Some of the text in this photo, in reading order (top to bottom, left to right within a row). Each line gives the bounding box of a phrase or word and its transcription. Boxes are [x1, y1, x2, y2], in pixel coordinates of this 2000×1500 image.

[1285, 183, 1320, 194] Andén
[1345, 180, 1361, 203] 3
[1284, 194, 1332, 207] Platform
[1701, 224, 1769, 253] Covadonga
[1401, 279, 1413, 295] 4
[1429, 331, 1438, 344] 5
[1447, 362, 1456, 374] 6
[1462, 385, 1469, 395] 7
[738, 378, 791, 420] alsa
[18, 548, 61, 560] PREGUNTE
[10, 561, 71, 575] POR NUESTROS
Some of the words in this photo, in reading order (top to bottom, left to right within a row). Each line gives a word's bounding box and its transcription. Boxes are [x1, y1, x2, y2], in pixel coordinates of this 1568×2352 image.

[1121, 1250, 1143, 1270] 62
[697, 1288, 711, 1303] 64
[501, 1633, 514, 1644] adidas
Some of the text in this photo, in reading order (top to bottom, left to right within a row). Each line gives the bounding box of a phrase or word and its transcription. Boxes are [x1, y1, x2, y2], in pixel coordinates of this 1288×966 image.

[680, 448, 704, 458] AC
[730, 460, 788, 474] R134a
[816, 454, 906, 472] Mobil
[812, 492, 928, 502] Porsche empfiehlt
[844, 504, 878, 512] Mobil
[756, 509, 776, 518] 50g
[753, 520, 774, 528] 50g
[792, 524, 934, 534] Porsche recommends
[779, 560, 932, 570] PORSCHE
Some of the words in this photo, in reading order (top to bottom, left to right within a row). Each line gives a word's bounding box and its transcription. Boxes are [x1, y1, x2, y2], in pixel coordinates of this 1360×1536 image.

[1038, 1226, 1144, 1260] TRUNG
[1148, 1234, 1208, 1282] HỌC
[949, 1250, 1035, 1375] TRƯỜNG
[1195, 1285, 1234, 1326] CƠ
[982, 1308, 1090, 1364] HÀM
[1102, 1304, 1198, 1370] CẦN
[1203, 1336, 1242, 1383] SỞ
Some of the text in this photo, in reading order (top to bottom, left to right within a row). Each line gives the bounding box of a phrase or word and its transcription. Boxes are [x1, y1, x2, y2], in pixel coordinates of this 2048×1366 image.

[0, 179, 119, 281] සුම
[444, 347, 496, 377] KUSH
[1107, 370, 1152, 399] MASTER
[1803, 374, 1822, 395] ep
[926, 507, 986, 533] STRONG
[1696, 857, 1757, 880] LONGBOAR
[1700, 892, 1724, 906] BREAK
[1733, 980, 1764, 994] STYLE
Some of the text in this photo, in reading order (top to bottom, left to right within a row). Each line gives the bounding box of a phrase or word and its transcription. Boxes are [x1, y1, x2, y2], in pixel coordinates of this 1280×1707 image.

> _What you are asked to do_: Send back all of the entries exactly, with nothing missing.

> _Written solution_:
Some of the text in this photo, in reading order (top to bottom, left to right within a row). Each line gives the bounding box of a phrase or word and its transcription. Boxes are [x1, y1, x2, y2], in pixel coordinates of this 2000×1500 image.

[1285, 183, 1320, 194] Andén
[1345, 180, 1361, 203] 3
[1284, 194, 1332, 207] Platform
[1701, 224, 1769, 253] Covadonga
[1401, 279, 1413, 295] 4
[1429, 331, 1438, 344] 5
[1447, 362, 1456, 374] 6
[1462, 385, 1469, 395] 7
[738, 378, 791, 420] alsa
[18, 548, 61, 560] PREGUNTE
[10, 561, 71, 575] POR NUESTROS
Some of the words in this photo, in reading order (top to bottom, left to right within a row). Each line gives a word's bounding box and its transcription. Boxes are [x1, y1, x2, y2], in pixel coordinates of this 1568×2352 image.

[1121, 1250, 1143, 1270] 62
[697, 1288, 711, 1303] 64
[501, 1633, 514, 1644] adidas
Some of the text in this photo, in reading order (top to bottom, left to right within a row). Each line gives the bounding box of a phrase or word and its transcription. Boxes are [x1, y1, x2, y2], in pixel coordinates of this 1288×966 image.

[680, 448, 704, 458] AC
[730, 460, 788, 474] R134a
[816, 454, 906, 472] Mobil
[812, 492, 928, 502] Porsche empfiehlt
[844, 504, 878, 512] Mobil
[756, 509, 776, 518] 50g
[753, 520, 774, 528] 50g
[792, 524, 934, 534] Porsche recommends
[779, 560, 932, 570] PORSCHE
Some of the words in this photo, in reading order (top to bottom, left to right within a row). Each line gives a word's bounding box and its transcription. Boxes are [x1, y1, x2, y2], in pixel coordinates of this 1360×1536 image.

[1038, 1226, 1144, 1260] TRUNG
[1148, 1234, 1208, 1282] HỌC
[949, 1250, 1035, 1375] TRƯỜNG
[1195, 1285, 1234, 1326] CƠ
[982, 1308, 1090, 1364] HÀM
[1102, 1304, 1198, 1370] CẦN
[1203, 1336, 1242, 1383] SỞ
Some of the text in this photo, in reading order (top to bottom, left to right within a row). Each line gives the bounding box of a phrase or word and its transcription. Boxes are [x1, y1, x2, y2], in pixel coordinates of this 2048×1366 image.

[0, 179, 119, 281] සුම
[444, 347, 496, 377] KUSH
[1107, 370, 1152, 399] MASTER
[1803, 374, 1822, 395] ep
[926, 507, 986, 533] STRONG
[1696, 857, 1757, 880] LONGBOAR
[1700, 892, 1724, 906] BREAK
[1733, 980, 1764, 994] STYLE
Some of the text in this photo, in reading order (top to bottom, left to right within a row). Each line gives the bounding box of a phrase or word and its transcription. Boxes are [x1, y1, x2, y2], in pixel coordinates of this 1280×1707 image.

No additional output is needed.